Aug 10, 2013
“When beggars die there are no comets seen. The heavens themselves blaze forth the death of princes.”
- William Shakespeare’s Julius Caesar, Act 2, Scene 2
Feature Guest: David Levy
As we are quickly learning, our solar system is anything but quiet. Today we celebrate the very dynamic and violent place that is our home and immediate neighborhood. In Current in Space we covers the stormy space weather that will greet us shortly when the sun’s magnetic field flips. Then we ask if supposedly dead comets can be resurrected to continue their adventurous and on rare occasions, disastrous, lives.
Finally David Levy joins Justin Trottier at The Star Spot .The giant of comet hunting, who discovered 22 comets, including Comet Shoemaker-Levy 9 which collided with Jupiter in 1994, explains why comets are part of our culture. Following a far ranging interview sprinkled with quotes from Shakespeare, comparisons to cats, and the famous Shoemaker-Levy 9 discovery story, Levy concludes with musings on the grim decline in amateur comet hunting but a hopeful future of comet discovery around extrasolar planets.
About David Levy
Despite the lack of formal training in astronomy or space sciences, David Levy would go on to become a comet hunting legend, discovering or co-discovering 22 comets and publishing 34 books, most on astronomical subjects. He is best known as the co-discover of Comet Shoemaker-Levy 9 which crashed into Jupiter in 1994.

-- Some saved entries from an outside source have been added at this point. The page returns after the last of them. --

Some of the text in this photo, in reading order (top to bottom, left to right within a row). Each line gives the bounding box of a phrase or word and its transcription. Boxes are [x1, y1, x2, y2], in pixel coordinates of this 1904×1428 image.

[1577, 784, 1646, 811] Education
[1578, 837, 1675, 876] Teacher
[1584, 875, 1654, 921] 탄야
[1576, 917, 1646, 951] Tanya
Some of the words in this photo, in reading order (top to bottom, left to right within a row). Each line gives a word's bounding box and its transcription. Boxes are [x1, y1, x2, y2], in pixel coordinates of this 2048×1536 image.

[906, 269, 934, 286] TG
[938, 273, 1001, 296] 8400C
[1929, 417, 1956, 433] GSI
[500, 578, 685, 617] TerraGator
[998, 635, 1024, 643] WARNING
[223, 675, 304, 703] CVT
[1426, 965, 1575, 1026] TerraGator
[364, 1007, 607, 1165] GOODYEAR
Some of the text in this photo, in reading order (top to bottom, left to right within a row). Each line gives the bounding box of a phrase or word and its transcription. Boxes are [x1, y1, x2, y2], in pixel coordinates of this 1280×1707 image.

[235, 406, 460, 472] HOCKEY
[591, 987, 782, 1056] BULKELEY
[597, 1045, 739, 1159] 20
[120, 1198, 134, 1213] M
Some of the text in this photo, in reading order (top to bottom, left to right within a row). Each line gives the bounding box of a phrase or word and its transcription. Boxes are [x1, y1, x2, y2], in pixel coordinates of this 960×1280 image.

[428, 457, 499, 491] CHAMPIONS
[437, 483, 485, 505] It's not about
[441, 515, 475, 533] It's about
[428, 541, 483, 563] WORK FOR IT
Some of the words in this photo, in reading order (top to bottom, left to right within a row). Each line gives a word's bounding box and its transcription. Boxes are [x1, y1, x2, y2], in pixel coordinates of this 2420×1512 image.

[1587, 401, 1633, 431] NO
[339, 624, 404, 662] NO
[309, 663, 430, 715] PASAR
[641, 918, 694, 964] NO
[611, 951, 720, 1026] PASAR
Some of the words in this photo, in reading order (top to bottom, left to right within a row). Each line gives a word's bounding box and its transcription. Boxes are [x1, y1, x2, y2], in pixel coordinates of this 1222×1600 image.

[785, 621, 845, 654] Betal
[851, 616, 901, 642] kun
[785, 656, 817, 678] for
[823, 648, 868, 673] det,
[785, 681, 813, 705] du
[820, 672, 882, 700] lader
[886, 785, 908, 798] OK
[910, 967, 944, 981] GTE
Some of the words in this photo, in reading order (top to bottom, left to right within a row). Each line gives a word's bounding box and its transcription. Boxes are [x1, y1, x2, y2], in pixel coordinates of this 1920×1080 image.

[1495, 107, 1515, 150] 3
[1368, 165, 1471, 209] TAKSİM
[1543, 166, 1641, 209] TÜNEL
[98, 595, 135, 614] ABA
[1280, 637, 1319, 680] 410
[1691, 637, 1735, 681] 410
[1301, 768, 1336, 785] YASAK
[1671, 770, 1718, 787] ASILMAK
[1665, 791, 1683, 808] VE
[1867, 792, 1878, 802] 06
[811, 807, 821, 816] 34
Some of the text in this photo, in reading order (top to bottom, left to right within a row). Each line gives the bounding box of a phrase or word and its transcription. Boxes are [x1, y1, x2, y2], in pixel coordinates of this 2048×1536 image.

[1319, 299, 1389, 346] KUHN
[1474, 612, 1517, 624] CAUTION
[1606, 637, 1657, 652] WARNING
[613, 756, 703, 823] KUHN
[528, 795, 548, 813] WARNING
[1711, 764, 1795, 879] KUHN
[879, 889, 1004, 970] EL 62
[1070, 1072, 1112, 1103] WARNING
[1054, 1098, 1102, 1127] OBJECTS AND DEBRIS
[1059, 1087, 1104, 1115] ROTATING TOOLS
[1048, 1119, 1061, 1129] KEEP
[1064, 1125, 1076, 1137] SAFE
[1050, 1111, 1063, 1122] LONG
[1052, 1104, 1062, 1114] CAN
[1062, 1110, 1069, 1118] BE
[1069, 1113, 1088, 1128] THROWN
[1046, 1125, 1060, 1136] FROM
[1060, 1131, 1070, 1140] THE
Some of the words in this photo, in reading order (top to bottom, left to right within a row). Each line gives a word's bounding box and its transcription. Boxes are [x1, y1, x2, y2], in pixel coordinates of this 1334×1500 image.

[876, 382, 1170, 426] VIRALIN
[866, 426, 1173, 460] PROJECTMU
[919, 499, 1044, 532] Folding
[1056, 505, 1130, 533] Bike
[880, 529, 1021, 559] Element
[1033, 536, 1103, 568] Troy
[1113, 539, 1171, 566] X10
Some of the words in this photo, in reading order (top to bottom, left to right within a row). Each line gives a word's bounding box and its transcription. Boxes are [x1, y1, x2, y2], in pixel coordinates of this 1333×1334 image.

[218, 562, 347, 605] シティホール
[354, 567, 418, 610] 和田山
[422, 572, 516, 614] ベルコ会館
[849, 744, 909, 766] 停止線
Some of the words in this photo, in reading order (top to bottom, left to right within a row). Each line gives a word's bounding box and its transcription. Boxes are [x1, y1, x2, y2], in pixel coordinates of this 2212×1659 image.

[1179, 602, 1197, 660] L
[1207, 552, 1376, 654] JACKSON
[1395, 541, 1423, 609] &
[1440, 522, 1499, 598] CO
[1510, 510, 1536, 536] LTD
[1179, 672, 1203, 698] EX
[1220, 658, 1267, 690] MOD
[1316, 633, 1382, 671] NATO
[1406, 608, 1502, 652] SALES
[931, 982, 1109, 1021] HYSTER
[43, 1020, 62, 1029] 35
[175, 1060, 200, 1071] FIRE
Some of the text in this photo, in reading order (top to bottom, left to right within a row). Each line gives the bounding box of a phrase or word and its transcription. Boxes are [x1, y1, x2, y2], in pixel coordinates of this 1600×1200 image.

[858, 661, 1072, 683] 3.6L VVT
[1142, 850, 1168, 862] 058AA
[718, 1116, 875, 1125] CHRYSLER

A literature student, he received a PhD from the Hebrew University of Jerusalem in 2010 for his thesis “The sky in early modern english literature.” As I learned during our conversation he enjoys combining his love of comets with his passion for literature, especially Shakespeare, whom he is likely to quote when discussing the importance of comets to our culture.
In 1998 Levy also won a News and Documentary Emmy Award for the script of 3 minutes to impact, a documentary produced for the discovery channel.